[Items from a data source]
Content starts

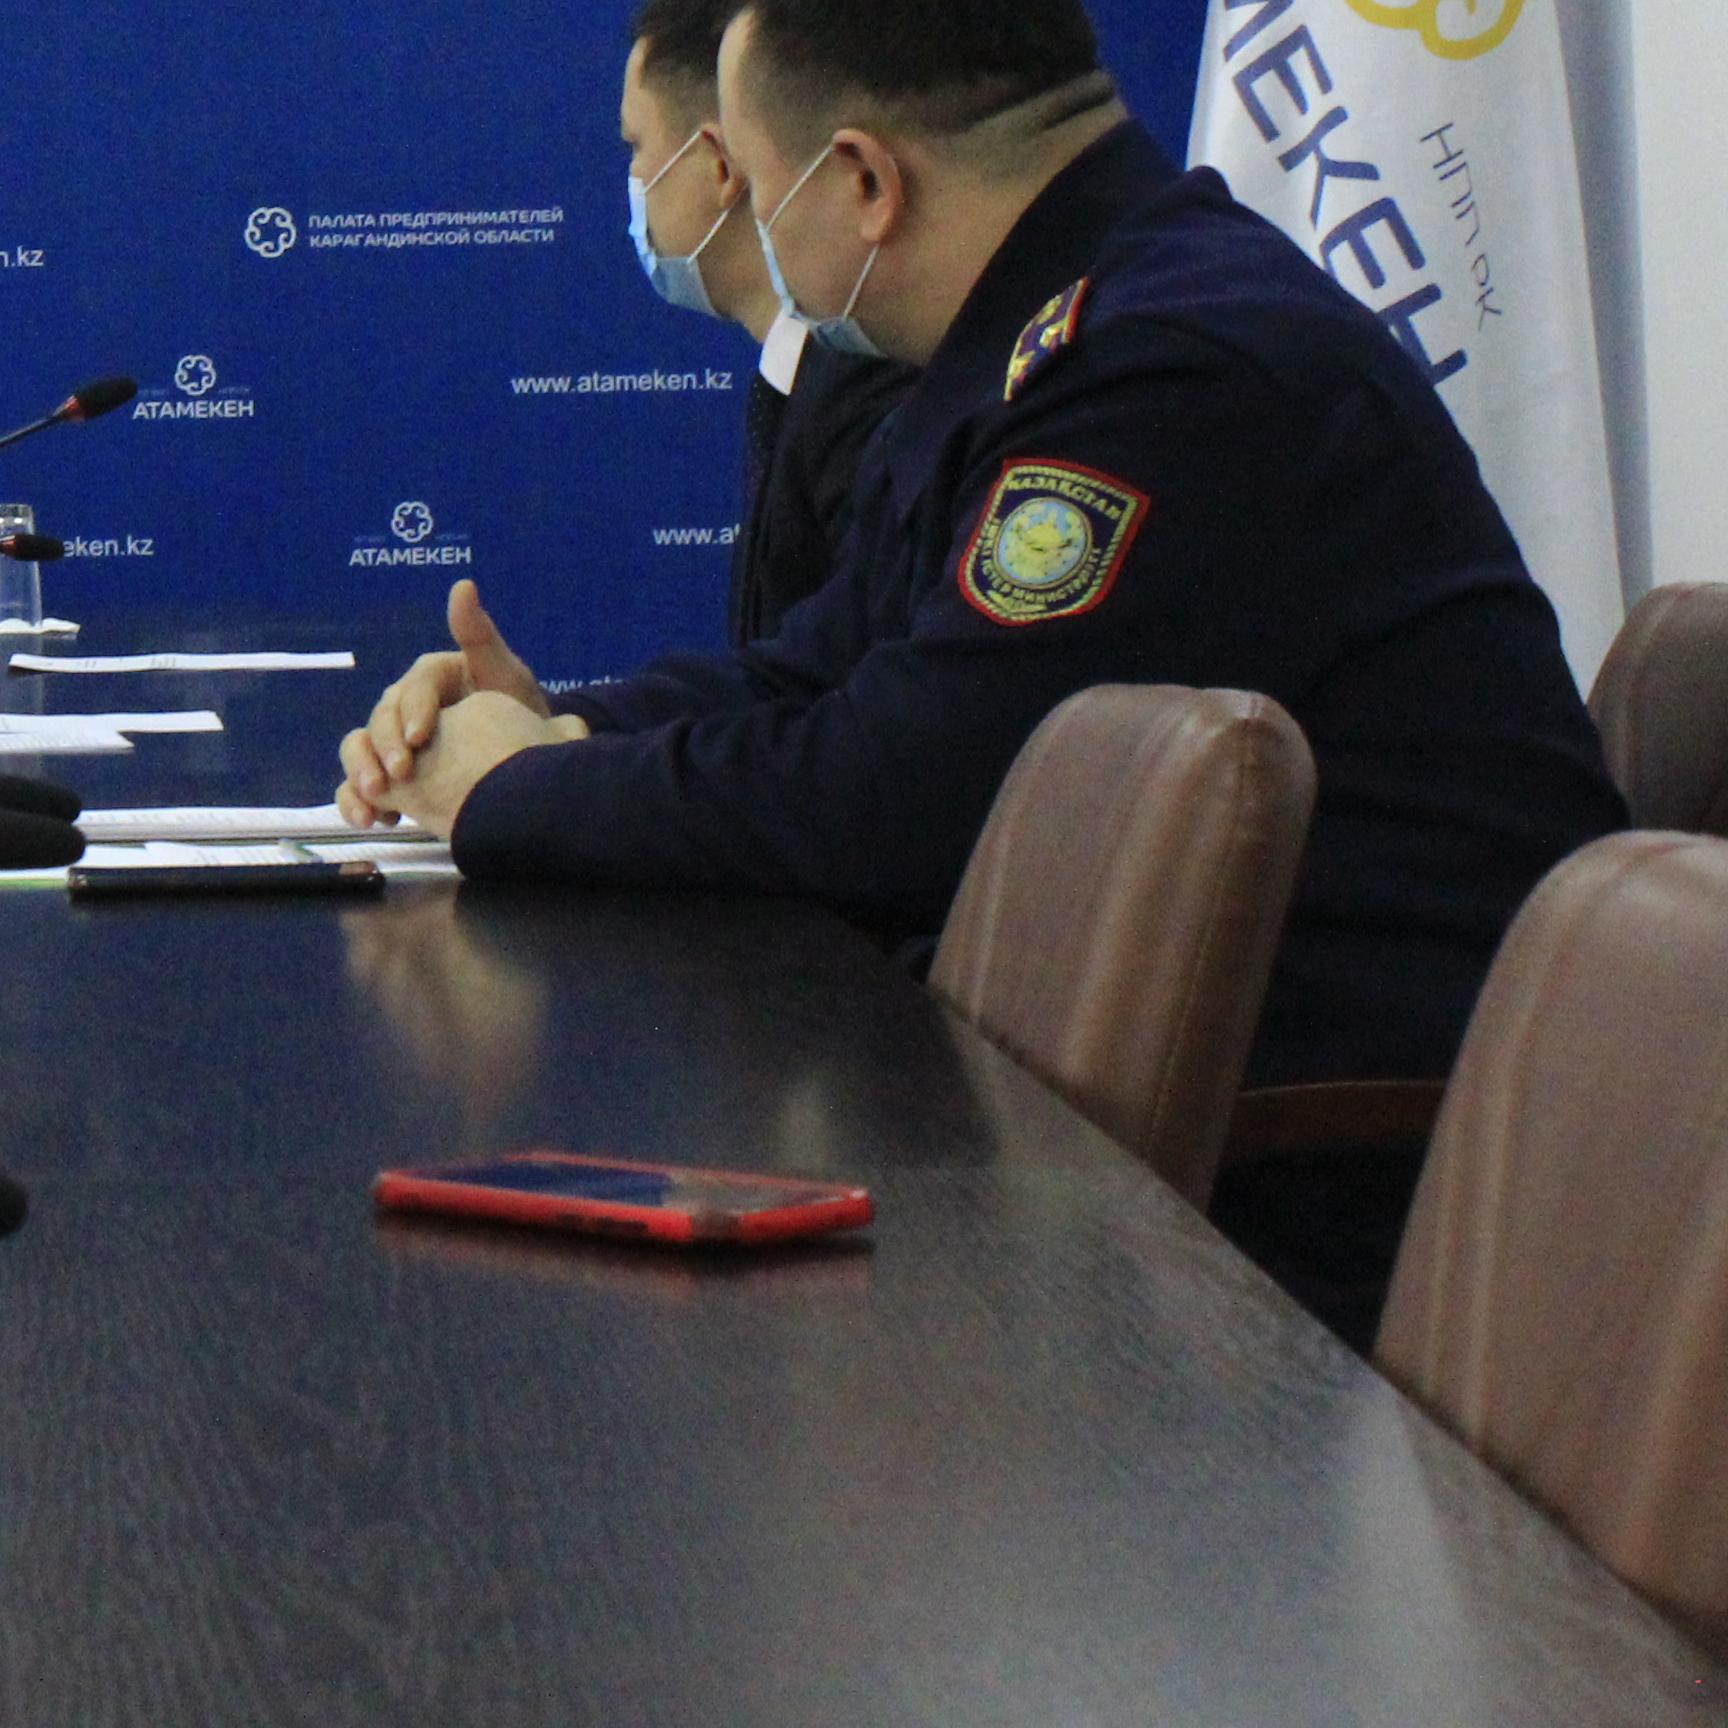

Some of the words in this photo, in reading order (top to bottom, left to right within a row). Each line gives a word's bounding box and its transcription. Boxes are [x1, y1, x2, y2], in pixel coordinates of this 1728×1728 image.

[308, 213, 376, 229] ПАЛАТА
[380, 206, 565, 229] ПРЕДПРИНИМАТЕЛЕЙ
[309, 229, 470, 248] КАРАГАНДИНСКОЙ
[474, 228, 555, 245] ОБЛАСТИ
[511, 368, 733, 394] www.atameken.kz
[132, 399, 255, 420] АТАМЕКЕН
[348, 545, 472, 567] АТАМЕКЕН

Content ends

» **Activity**: Would you print all of the entries exactly, omitting any image?

» **Task response**:
Some of the words in this photo, in reading order (top to bottom, left to right within a row). Each line gives a word's bounding box and its transcription. Boxes are [x1, y1, x2, y2], in pixel coordinates of this 1728×1728 image.

[308, 213, 376, 229] ПАЛАТА
[380, 206, 565, 229] ПРЕДПРИНИМАТЕЛЕЙ
[309, 229, 470, 248] КАРАГАНДИНСКОЙ
[474, 228, 555, 245] ОБЛАСТИ
[511, 368, 733, 394] www.atameken.kz
[132, 399, 255, 420] АТАМЕКЕН
[348, 545, 472, 567] АТАМЕКЕН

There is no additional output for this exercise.